The New York Sun;
July 12, 2004
Editorial
Bush's Intelligence

The 511-page "Report on the U.S. Intelligence Community's Prewar
Intelligence Assessments on Iraq" is a useful document indeed, even with the
redactions it was released with Friday by the Senate intelligence committee.
The anti-war left is making much of the report's statements taking issue
with the information about weapons of mass destruction cited by President
Bush in the run-up to the war in Iraq."He misled America about the types of
weapons that were there," Senator Kerry said in an interview with the New
York Times over the weekend.

Indeed, the Senate report indicates that at several junctures,
Mr.Bush,Secretary of State Powell, and the Central Intelligence
Agency used language about Saddam Hussein's weapons programs that went
beyond what the evidence available to them conclusively proved. These
details are significant. In making the case for war, accuracy is important.
Even so, on the key point -- that Saddam had some weapons of mass
destruction and wanted more -- enough facts are in to suggest that Mr. Bush,
Mr. Powell, and the CIA were correct to be concerned.

After all,the postwar finds in Iraq have included what American officials
have described as "10 or 12 sarin and mustard rounds," a 7-pound block of
cyanide salt, "a vial of live C. botulinum Okra B. from which a biological
agent can be produced....hidden in the home" of an Iraqi biological weapons
scientist, and "1.77 metric tons of low-enriched uranium and roughly 1000
highly radioactive sources." That's not even considering materials that may
still be buried, or that may have been smuggled out of Iraq to Syria in the
closing days of Saddam's regime.

The findings on weapons of mass destruction are hardly the only part of the
Senate committee report that are worth taking seriously. Just as significant
is the way that the report debunks the claim that the intelligence was
politicized or cooked by Vice President Cheney. This claim is common on the
left. For instance, David Remnick, in the New Yorker on July 28, 2003, wrote
of the "the prospect that intelligence has been manipulated, forged, or
bullied into shape" and "the pressure that the Pentagon and the
Vice-President's office had been exerting on the C.I.A. to
square the evidentiary circle."

Yet the Senate committee found "no evidence" that the intelligence
community's "mischaracterization or exaggeration of the intelligence on
Iraq's weapons of mass destruction capabilities was the result of political
pressure." Got that? "No evidence." As for "pressure," the committee noted
"several of the allegations of pressure on Intelligence Community analysts
involved repeated questioning."The report says analysts "should expect
difficult and repeated questions." The Senate committee found that in some
cases,the questions forced analysts to go back and review things, and come
across information they had overlooked earlier."The policymakers probing
questions actually improved the CIA's products," the report says.

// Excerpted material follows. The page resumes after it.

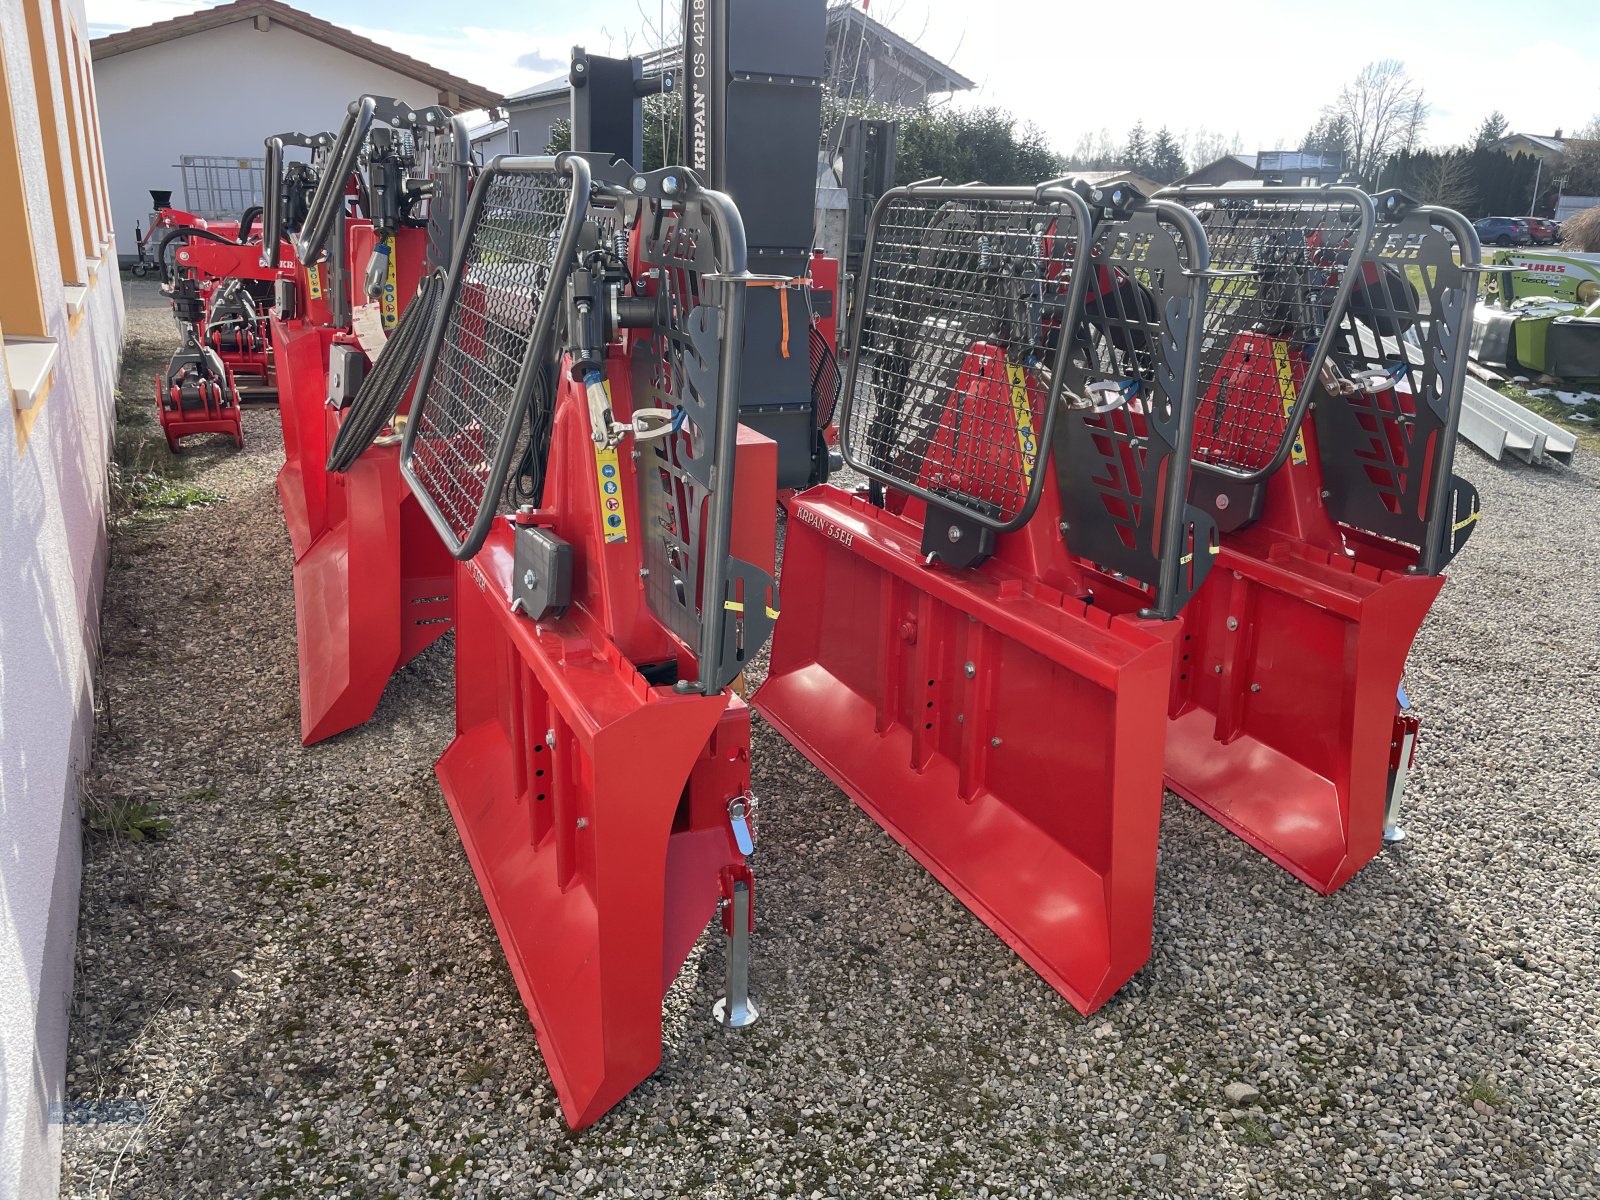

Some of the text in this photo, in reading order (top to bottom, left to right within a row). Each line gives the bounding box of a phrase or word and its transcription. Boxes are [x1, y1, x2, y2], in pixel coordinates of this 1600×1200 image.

[693, 53, 705, 78] CS
[694, 92, 706, 171] KRPAN
[796, 506, 825, 530] KRPAN

Perhaps the most interesting part of the report, though, is the devastating
assessment of America's "human intelligence" -- old-fashioned spying --
ability. "The Intelligence Community did not have a single HUMINT source
collecting against Iraq's weapons of mass destruction programs in Iraq after
1998," the report says, calling for "dramatic changes in a risk-averse
corporate culture."

Rather than an indictment of the so-called "neo-cons" for phonying up the
pre-war intelligence, the Senate report is in some sense a validation of a
critique of the CIA that the "neo-cons" have been making for years. It was
Richard Perle of the American Enterprise Institute who in a 1998 speech
called for a congressional investigation into the Near East division of the
CIA and said its head "should be removed on grounds of incompetence." It was
AEI's Reuel Marc Gerecht, who, writing as Edward Shirley in his 1997 book
"Know Thine Enemy," described the CIA as a bastion of bureaucratic
mediocrity and incompetence.

The director of central intelligence, George Tenet, has resigned, but there
are other personnel worth pursuing in the wake of the Senate report. Where,
during these errors, was the chairman of the President's Foreign
Intelligence Advisory Board, General Scowcroft? The board "provides advice
to the President concerning the quality and adequacy of intelligence
collection, of analysis and estimates," according to the White House. Was
Mr. Scowcroft asleep at the switch, or too busy with his private consulting
to firms in the energy industry? What about Paul Pillar, the national
intelligence officer for the Near East and South Asia, whose 2001 book takes
the defeatist attitude,"If there is a 'war' against terrorism, it is a war
that cannot be won." The book advises, "Give peace a chance."

Before moving to replace Mr. Tenet and rebuild America's spying capacity,
Mr. Bush would profit by re-reading the warnings of Daniel Patrick Moynihan
and Dean Acheson about whether America really needs a CIA at all or whether
the agency's duties would better be divided between the secretaries of state
and defense, as they were for most of American history.